*** ENTRIES SHOWN Section Begins ***

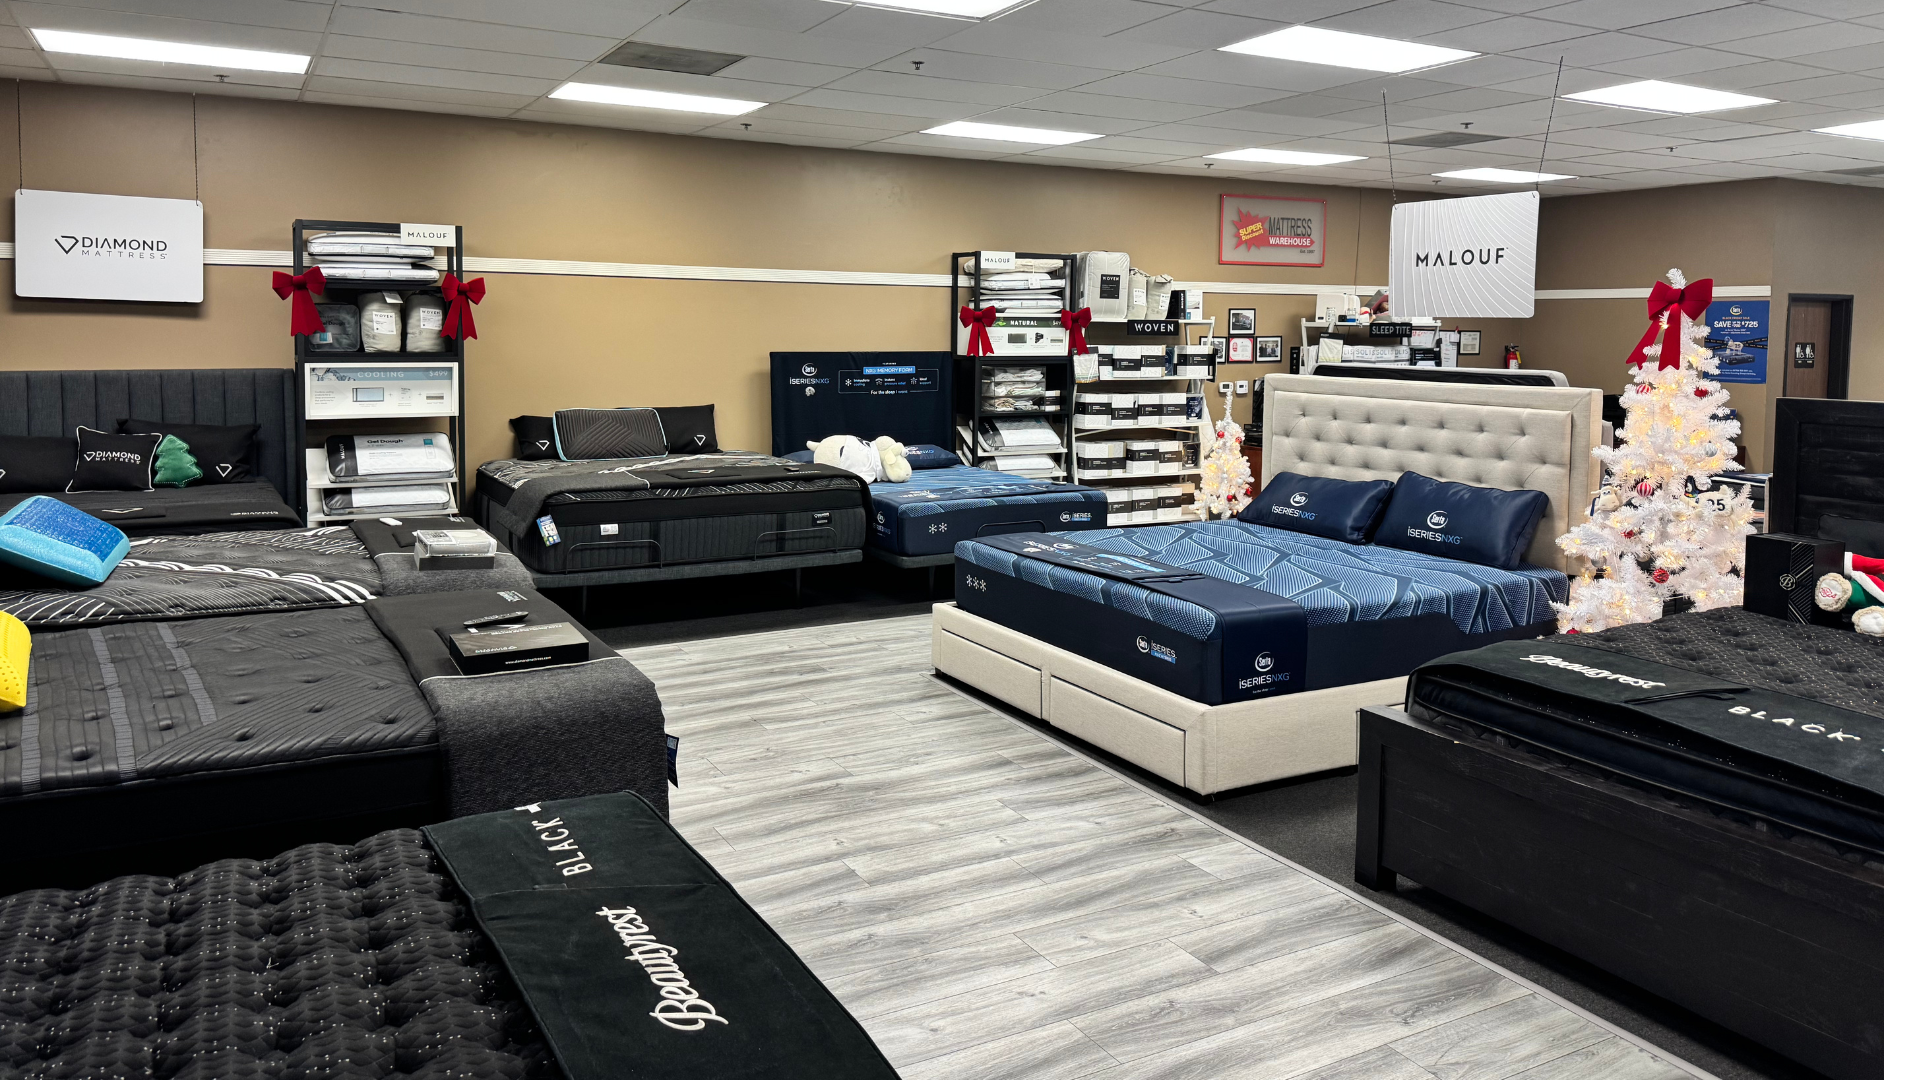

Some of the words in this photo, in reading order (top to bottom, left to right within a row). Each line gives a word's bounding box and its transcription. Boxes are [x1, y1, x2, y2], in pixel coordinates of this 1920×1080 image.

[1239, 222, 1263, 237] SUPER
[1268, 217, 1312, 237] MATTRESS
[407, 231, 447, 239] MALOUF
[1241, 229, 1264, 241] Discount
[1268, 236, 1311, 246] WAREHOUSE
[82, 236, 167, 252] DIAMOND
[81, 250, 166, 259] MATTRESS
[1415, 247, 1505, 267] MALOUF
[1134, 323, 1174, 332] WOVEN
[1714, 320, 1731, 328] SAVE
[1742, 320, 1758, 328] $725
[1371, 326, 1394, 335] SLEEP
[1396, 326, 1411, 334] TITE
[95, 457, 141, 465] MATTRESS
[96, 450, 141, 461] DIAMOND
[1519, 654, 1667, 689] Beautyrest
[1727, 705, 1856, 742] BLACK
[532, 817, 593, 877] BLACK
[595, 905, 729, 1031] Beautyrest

*** ENTRIES SHOWN Section Ends ***

* REQUIRED ACTION
Your answer must be the entries written out word for word, without their pictures.

* FINISHED TASK
Some of the words in this photo, in reading order (top to bottom, left to right within a row). Each line gives a word's bounding box and its transcription. Boxes are [x1, y1, x2, y2], in pixel coordinates of this 1920×1080 image.

[1239, 222, 1263, 237] SUPER
[1268, 217, 1312, 237] MATTRESS
[407, 231, 447, 239] MALOUF
[1241, 229, 1264, 241] Discount
[1268, 236, 1311, 246] WAREHOUSE
[82, 236, 167, 252] DIAMOND
[81, 250, 166, 259] MATTRESS
[1415, 247, 1505, 267] MALOUF
[1134, 323, 1174, 332] WOVEN
[1714, 320, 1731, 328] SAVE
[1742, 320, 1758, 328] $725
[1371, 326, 1394, 335] SLEEP
[1396, 326, 1411, 334] TITE
[95, 457, 141, 465] MATTRESS
[96, 450, 141, 461] DIAMOND
[1519, 654, 1667, 689] Beautyrest
[1727, 705, 1856, 742] BLACK
[532, 817, 593, 877] BLACK
[595, 905, 729, 1031] Beautyrest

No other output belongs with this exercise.